== Aim of the exercise ==
Please give the records below again in full, exactly, with the images left out.

+---+

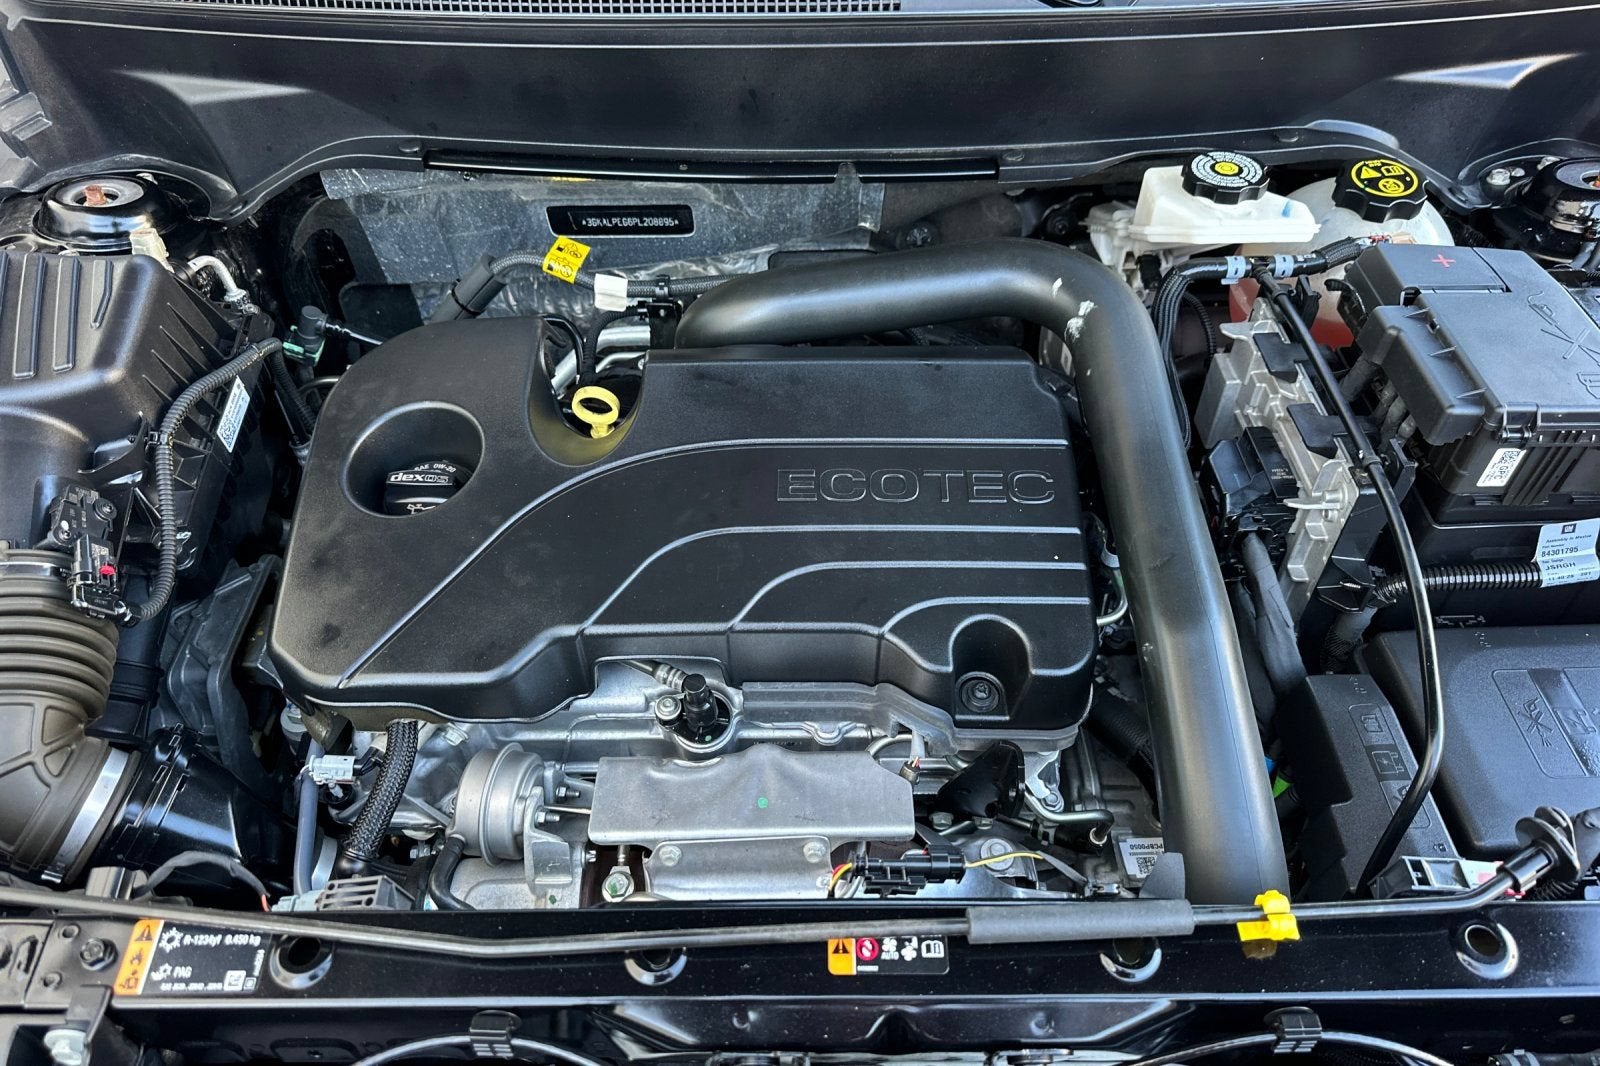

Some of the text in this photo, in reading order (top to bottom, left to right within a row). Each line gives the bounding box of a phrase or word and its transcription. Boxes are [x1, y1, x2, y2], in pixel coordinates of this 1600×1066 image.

[433, 463, 456, 473] 0W-20
[390, 472, 449, 483] dexos
[777, 468, 1056, 504] ECOTEC
[1541, 546, 1579, 558] 84301795
[880, 951, 899, 961] AUTO
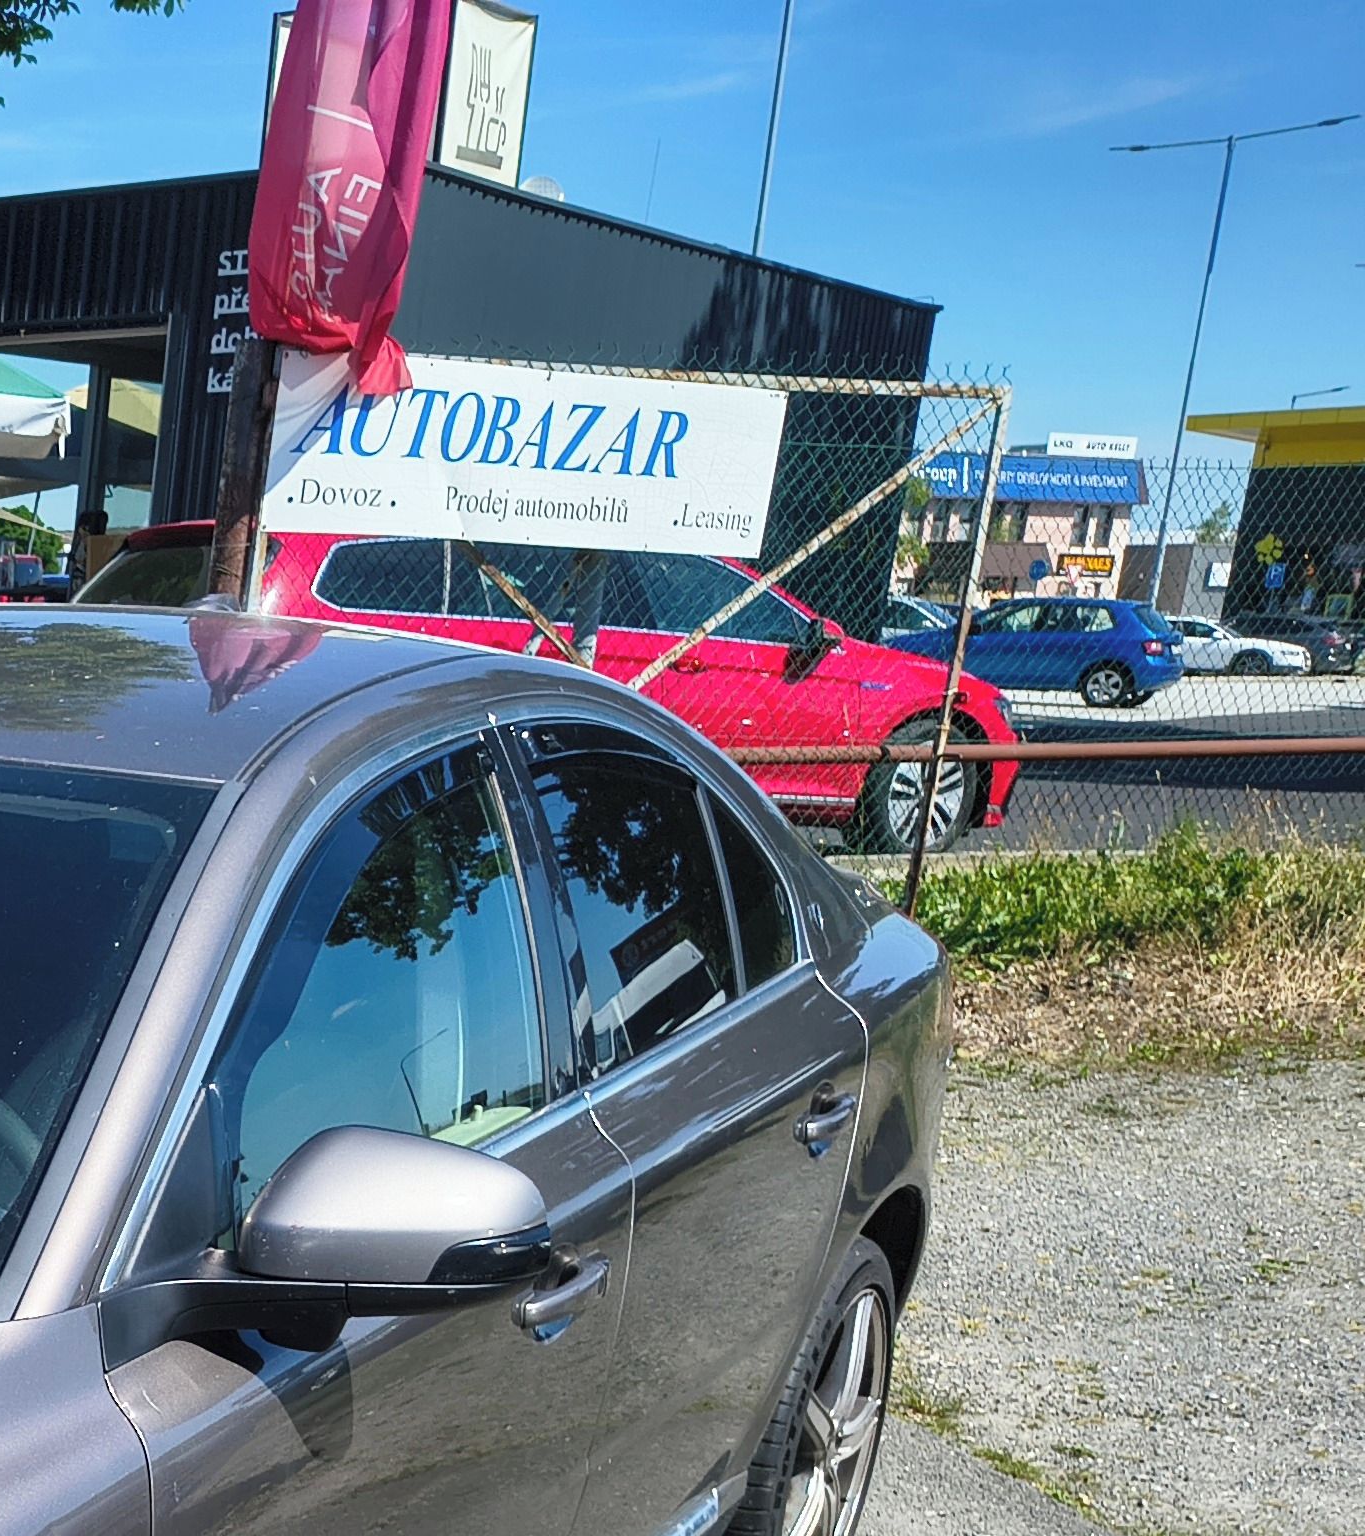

+---+

== Reply ==
Some of the text in this photo, in reading order (top to bottom, left to right within a row). Each line gives the bounding box of a phrase or word and its transcription. Boxes are [x1, y1, x2, y2], in pixel coordinates of this 1600×1066 image.

[433, 463, 456, 473] 0W-20
[390, 472, 449, 483] dexos
[777, 468, 1056, 504] ECOTEC
[1541, 546, 1579, 558] 84301795
[880, 951, 899, 961] AUTO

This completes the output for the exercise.